Task to carry out:
Exclude images, then output the remaining data verbatim.

= = = =

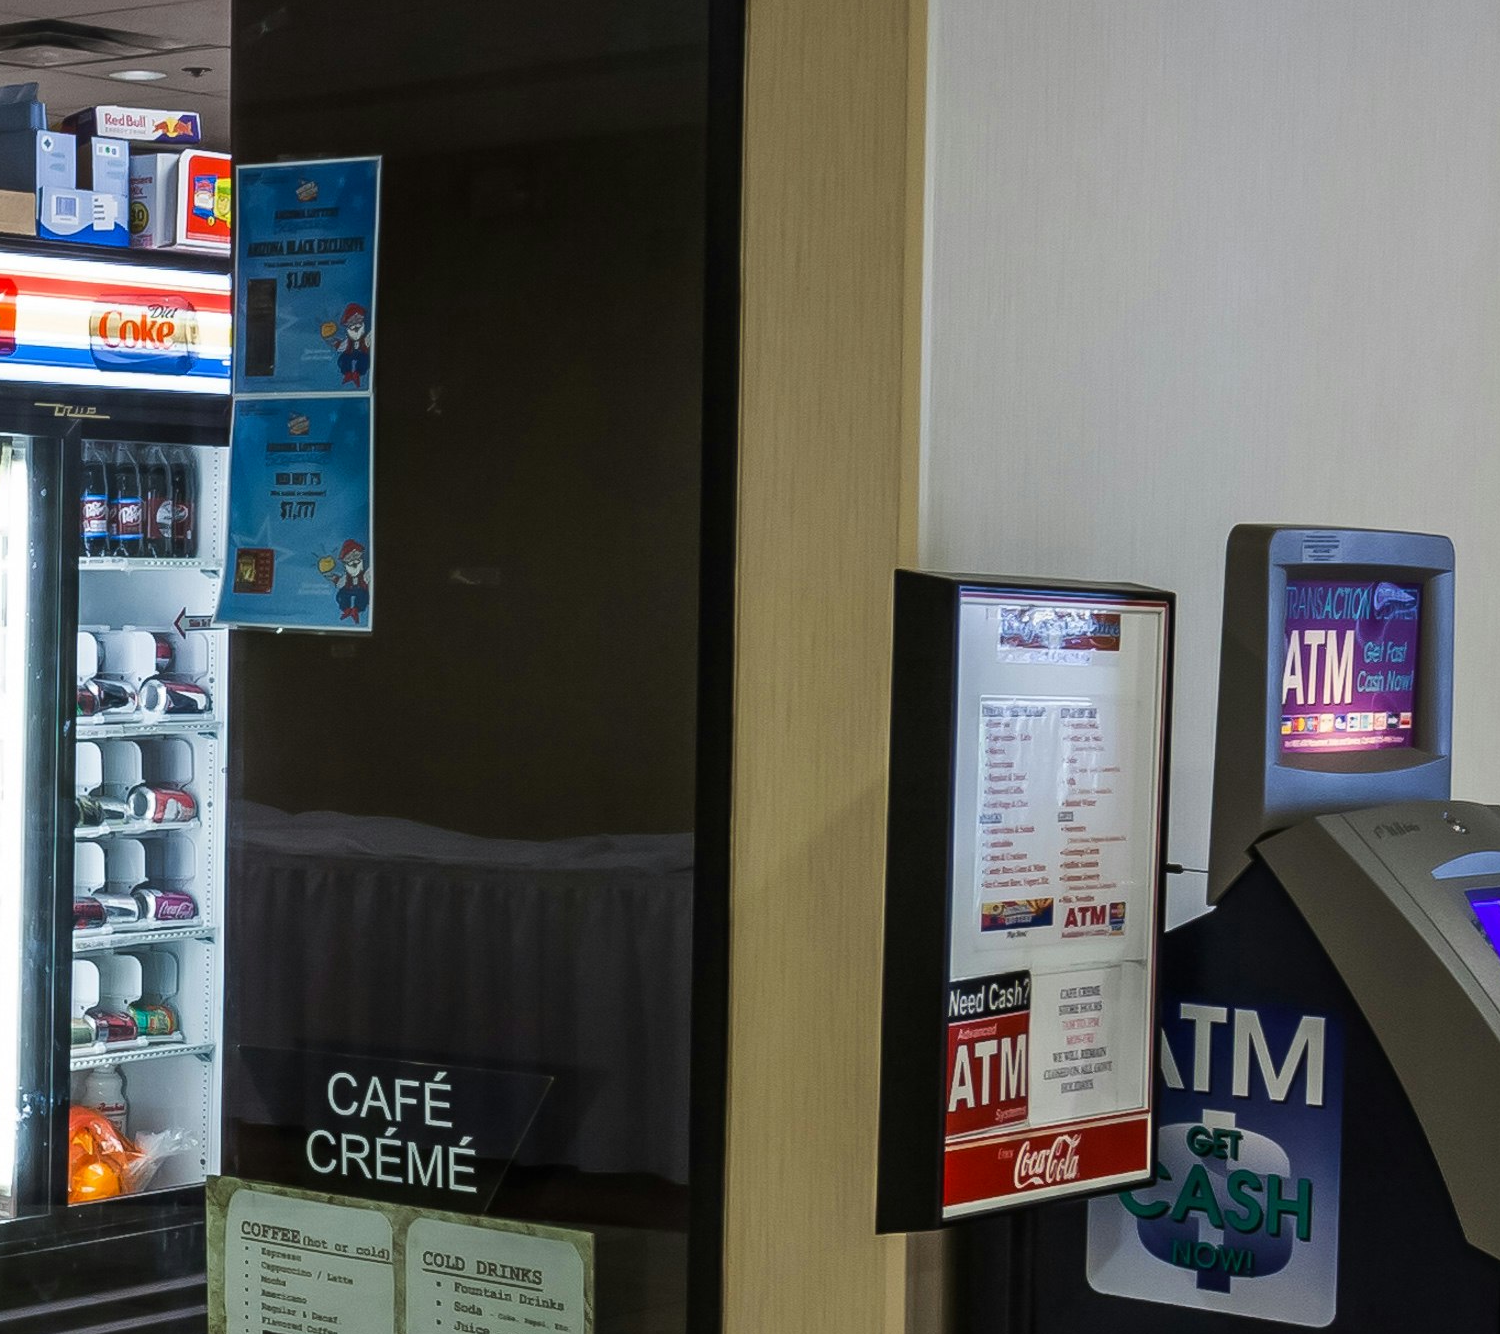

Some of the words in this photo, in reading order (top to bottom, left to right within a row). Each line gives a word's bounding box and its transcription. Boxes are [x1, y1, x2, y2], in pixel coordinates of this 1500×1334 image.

[104, 113, 125, 127] Red
[126, 114, 147, 128] Bull
[100, 311, 176, 350] Coke
[1282, 630, 1355, 705] ATM
[1363, 641, 1384, 663] Get
[1386, 641, 1407, 663] Fast
[1357, 671, 1384, 693] Cash
[1387, 670, 1414, 693] Now!
[1064, 905, 1107, 928] ATM
[949, 985, 985, 1017] Need
[989, 978, 1031, 1010] Cash?
[948, 1033, 1027, 1113] ATM
[327, 1071, 453, 1128] CAFÉ
[306, 1127, 478, 1193] CRÉMÉ
[1014, 1133, 1082, 1189] Coca-Cola
[1187, 1125, 1244, 1161] GET
[1117, 1163, 1315, 1241] CASH
[241, 1221, 301, 1244] COFFEE
[303, 1235, 328, 1250] (hot
[334, 1243, 348, 1253] or
[356, 1246, 390, 1260] cold)
[1170, 1238, 1255, 1276] NOW!
[422, 1250, 465, 1271] COLD
[476, 1260, 543, 1285] DRINKS
[454, 1282, 512, 1302] Fountain
[519, 1294, 565, 1311] Drinks
[454, 1301, 483, 1316] Soda
[262, 1316, 303, 1332] Flavored
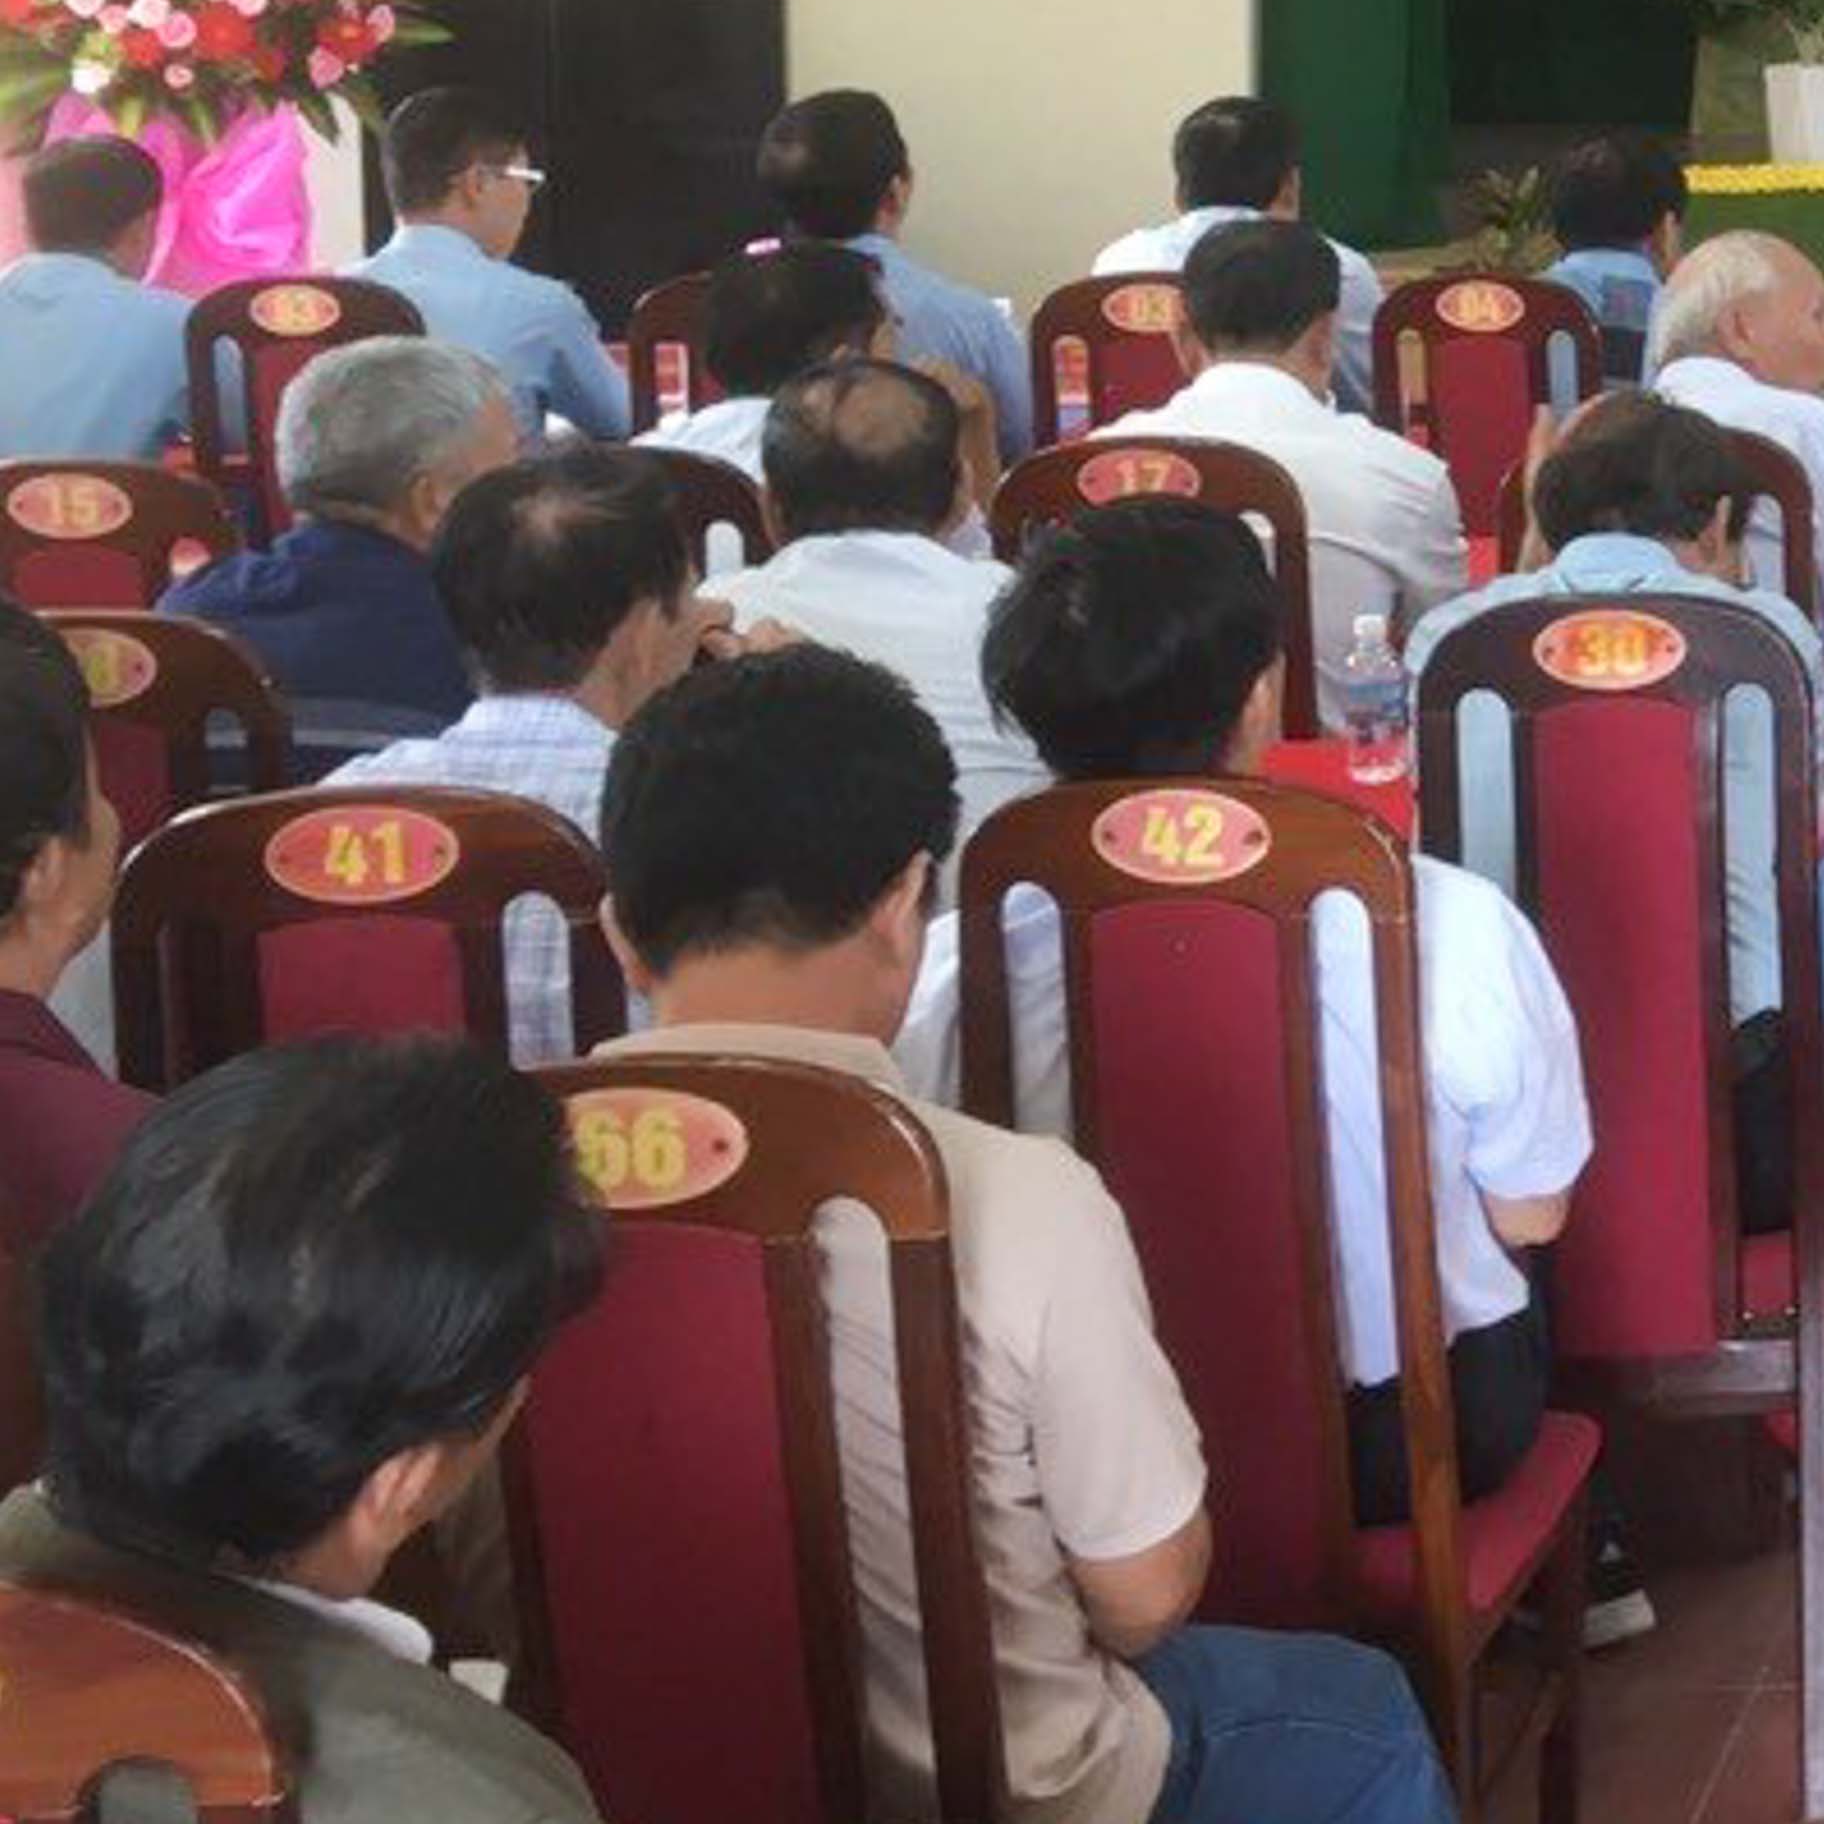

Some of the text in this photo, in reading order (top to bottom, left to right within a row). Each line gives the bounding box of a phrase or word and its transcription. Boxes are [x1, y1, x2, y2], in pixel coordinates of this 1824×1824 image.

[46, 484, 99, 529] 15
[1116, 459, 1171, 498] 17
[1580, 619, 1646, 676] 30
[324, 822, 408, 886] 41
[1141, 806, 1225, 868] 42

= = = =

Result:
Some of the words in this photo, in reading order (top to bottom, left to right within a row). Each line gives a word's bounding box and its transcription. Boxes are [x1, y1, x2, y2], in pixel coordinates of this 1500×1334 image.

[104, 113, 125, 127] Red
[126, 114, 147, 128] Bull
[100, 311, 176, 350] Coke
[1282, 630, 1355, 705] ATM
[1363, 641, 1384, 663] Get
[1386, 641, 1407, 663] Fast
[1357, 671, 1384, 693] Cash
[1387, 670, 1414, 693] Now!
[1064, 905, 1107, 928] ATM
[949, 985, 985, 1017] Need
[989, 978, 1031, 1010] Cash?
[948, 1033, 1027, 1113] ATM
[327, 1071, 453, 1128] CAFÉ
[306, 1127, 478, 1193] CRÉMÉ
[1014, 1133, 1082, 1189] Coca-Cola
[1187, 1125, 1244, 1161] GET
[1117, 1163, 1315, 1241] CASH
[241, 1221, 301, 1244] COFFEE
[303, 1235, 328, 1250] (hot
[334, 1243, 348, 1253] or
[356, 1246, 390, 1260] cold)
[1170, 1238, 1255, 1276] NOW!
[422, 1250, 465, 1271] COLD
[476, 1260, 543, 1285] DRINKS
[454, 1282, 512, 1302] Fountain
[519, 1294, 565, 1311] Drinks
[454, 1301, 483, 1316] Soda
[262, 1316, 303, 1332] Flavored

Some of the text in this photo, in reading order (top to bottom, left to right within a row). Each line gives the bounding box of a phrase or word and its transcription. Boxes are [x1, y1, x2, y2], in pixel coordinates of this 1824×1824 image.

[46, 484, 99, 529] 15
[1116, 459, 1171, 498] 17
[1580, 619, 1646, 676] 30
[324, 822, 408, 886] 41
[1141, 806, 1225, 868] 42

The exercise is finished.